MGC Pharma, a European-based bio-pharma company specialising in the production and development of EU-GMP phytocannabinoid-derived medicines, has signed a binding term sheet with Cannvalate Pty Ltd to acquire its wholly-owned subsidiary MCC.
As well as being one of Australia's leading medicinal cannabis clinics, MCC has an extensive doctor and patient network.
A new company will be incorporated to hold all the MCC assets which will be wholly-owned by MGC Pharma.
Under the terms of the agreement, the new company will obtain relevant state and federal licences to allow for the import and distribution of medicinal cannabis products.
This would move MGC Pharma’s Australian supply chain to the new company, allowing the company to continue providing increasingly affordable cannabinoid medications though the focused reduction of importation, storage and distribution costs per unit.
“Important part of our strategy”
Co-founder and MD Roby Zamer said: “The acquisition of Medicinal Cannabis Clinics’ assets is an important part of our strategy to grow our distribution network and direct supply chain capabilities in Australia and Internationally.
“Importantly, with the acquisition of MCC’s assets, MGC Pharma will be well on the way to achieving our cashflow breakeven targets.
“We look forward to integrating MCC’s high-quality network of clinics.”
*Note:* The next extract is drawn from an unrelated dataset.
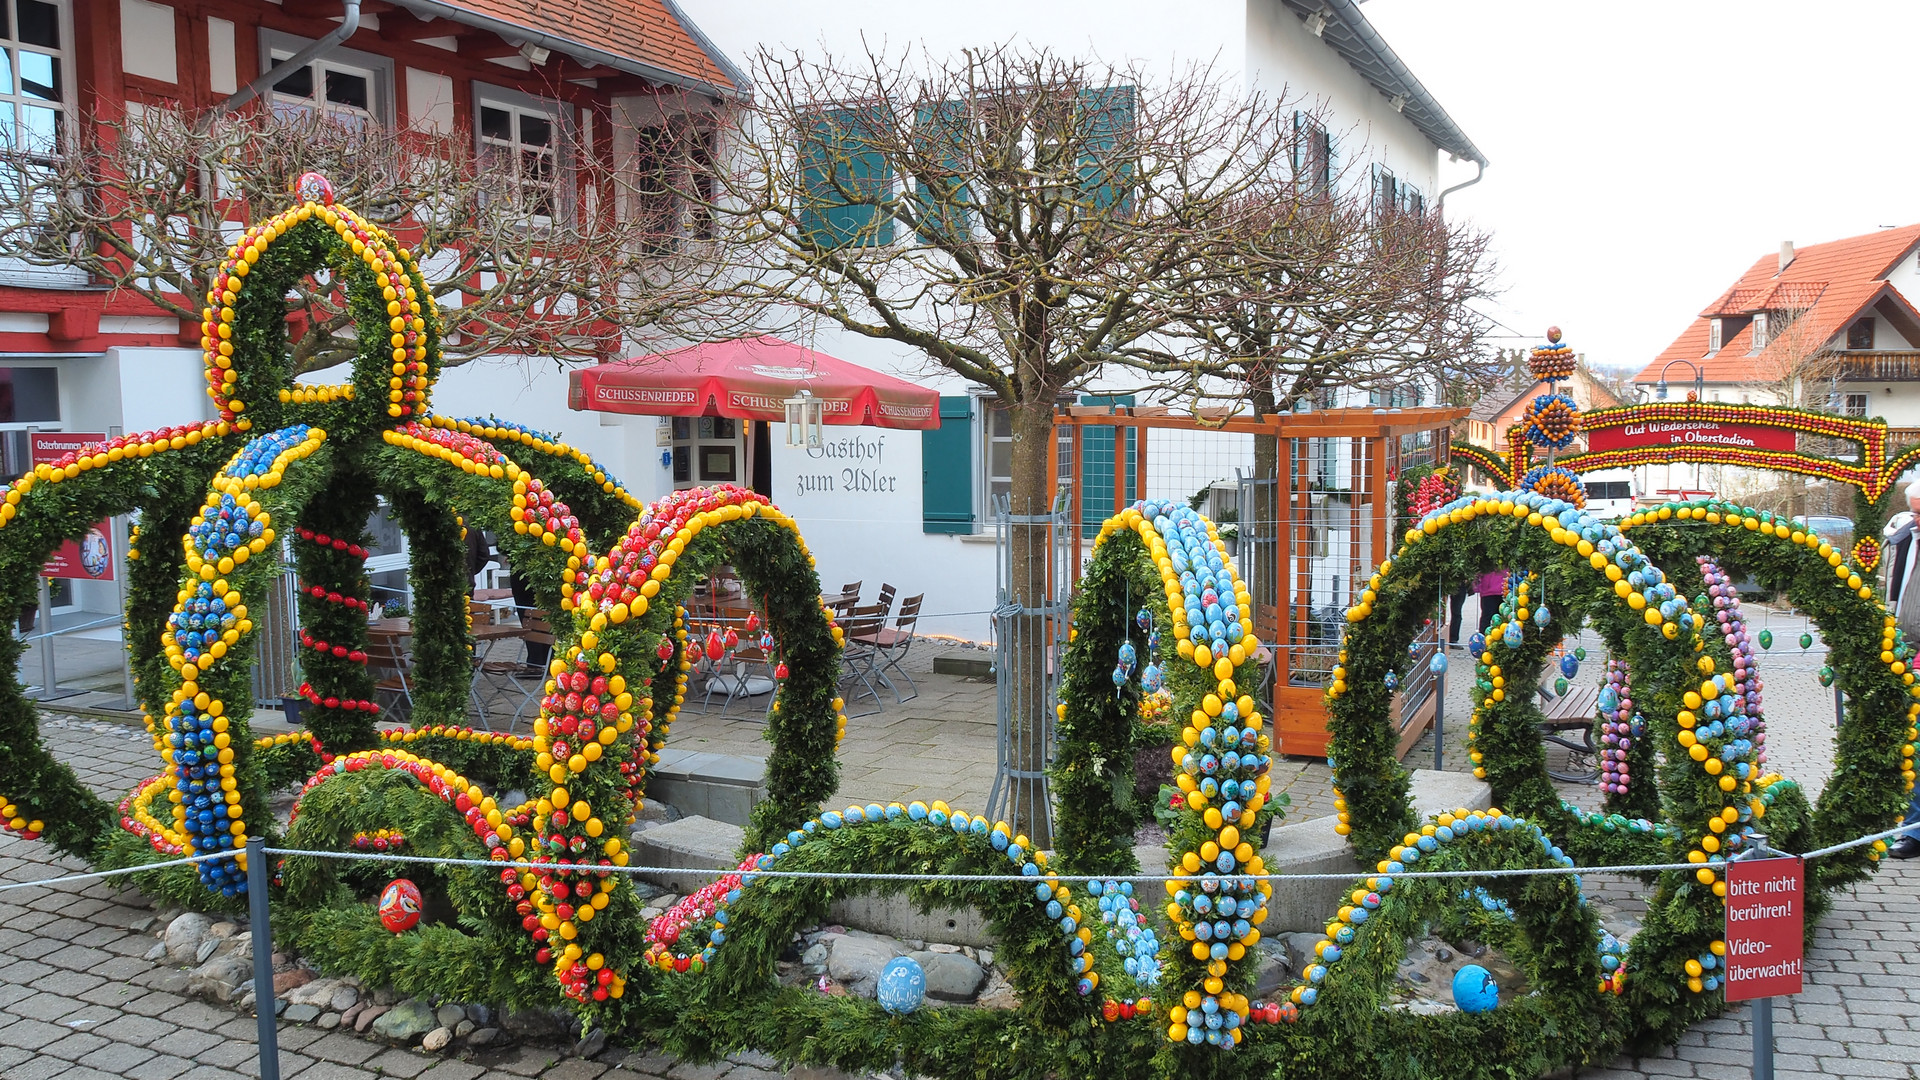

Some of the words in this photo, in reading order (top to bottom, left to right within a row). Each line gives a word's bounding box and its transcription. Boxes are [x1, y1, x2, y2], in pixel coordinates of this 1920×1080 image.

In conjunction with the acquisition, MGC Pharma has secured the services of MCC staff to continue operations of the new company, ensuring clinical independence and excellent clinical governance and does not anticipate any changes to current operations, product offering, or fundamental business ethos of MCC.
Expansion of direct distribution
This provides both MGC Pharma’s and MCC’s patients and business relationships with full confidence of continued operation at existing reputed levels of service and support.
The acquisition is set to expand MGC Pharma’s direct distribution network and enable a direct supply chain of MGC Pharma’s proprietary medicinal cannabis products to customers, cementing the company’s fully vertically integrated Nature-to-Medicine business model.
Consideration due for the acquisition upon completion of settlement conditions includes $400,000 in cash and $1 million in MGC Pharma shares.
Settlement of the transaction is to be within 90 days.